Of course cheap hydraulic brakes suck — like the Shimano M485’s that came on my bike. Granted, I shouldn’t expect too much from the brakes on a bike that was barely over $1200 retail. Yes I know, I was a sucker when it was on clearance and didn’t know if a mountain bike was under 2k it was junk and would need everything upgraded. Anyway, a caliper started sticking causing only one pad retracted from the rotor, so I ordered a new one and it just wouldn’t retract either pad really. So I took it to the bike shop and admitted I needed help and while I was there let them look at the bike to. After chatting with the helpful tech I decided fine, I’ll get some good brakes…
Avid does make good brakes; their BB7’s are amazingly easy to setup. So I was suckered into buying Elixir 5’s. After buying new wheels to take the 6bolt rotors (adapters would have been too cheap and I needed a wheel upgrade anyway) and throwing the Elixir’s on, I am highly disappointed. First, they don’t set themselves up magically like the lying marketing material says. Second cutting the hose and re-bleeding (which you aren’t supposed to have to do) is a huge mess; it isn’t clean and simple like working on car that’s been out in the elements for the last 10 years. Third, after you get it setup on your stand, and you go ride it, you will need to adjust it again. Back on the stand, break out the 5mm allen wrench…. Oh, and make sure you keep a stack of business cards to use as shims — even on these self-aligning brakes….. Oh, and if you use your front quick release because, well, it is there, good luck having the rotor line back up to the caliper without any brake rub…
Granted, once you accidentally get it setup right, it should stay in adjustment for a long time. So it should give you a few months of paranoia waiting for something to go wrong. And if you ever hear the brake rubbing, you don’t know if you are in for a 5 minute job to recenter the caliper and get back to riding or will you have to try again with a shim, or recompress the pistons/pads or….
If you like riding your bike more than working on it, and want something that doesn’t screw itself up, stick with the BB7’s.
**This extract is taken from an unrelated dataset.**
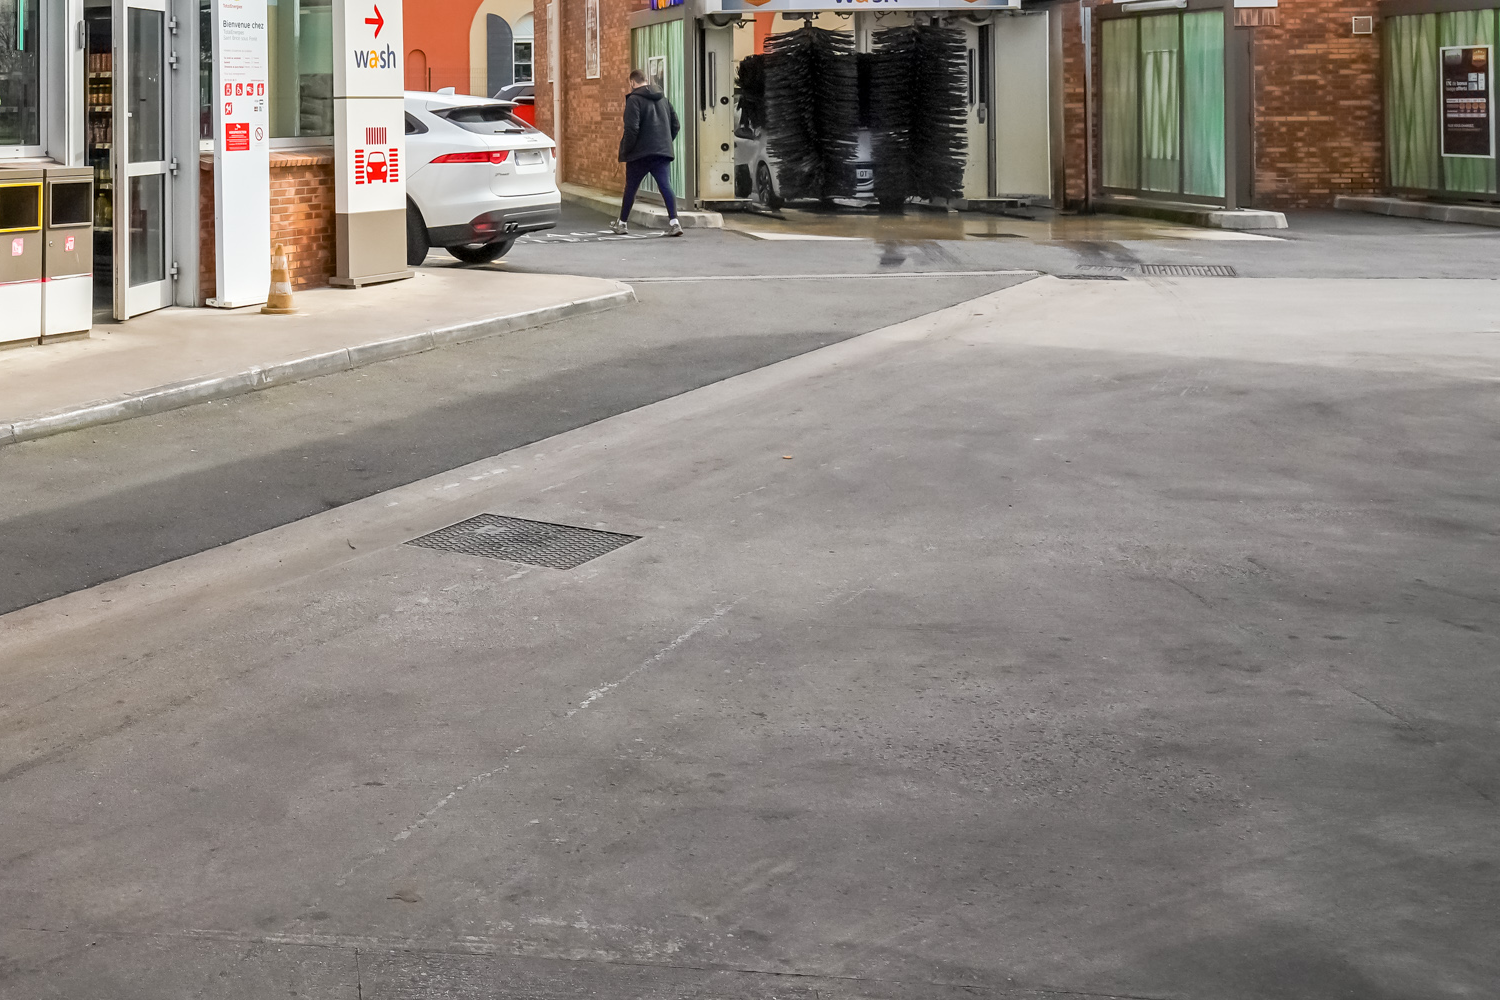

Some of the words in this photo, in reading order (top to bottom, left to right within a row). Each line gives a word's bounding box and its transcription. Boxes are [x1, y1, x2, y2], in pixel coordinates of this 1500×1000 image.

Sure, you may have to adjust them once in a while as pads wear (you ride enough to do that all the time? hah, didn’t think so) — so you turn the adjustment dial a couple clicks and you are done. Is that rotor slightly off center after using your quick release? Well just a few clicks to adjust the pads over and you can compensate for it.
The trick with BB7’s is good levers, cables, and housing. The Speed Dial 7 levers are awesome — and paired with a teflon-coated compressionless housing cable kit like the Jagwire Ripcord — heck it makes crappy Tektro disc brakes feel pretty darn good. Go for a full-length housing run and be done with it so you can spend your time riding instead of being an idiot and sitting here angry with the whole world.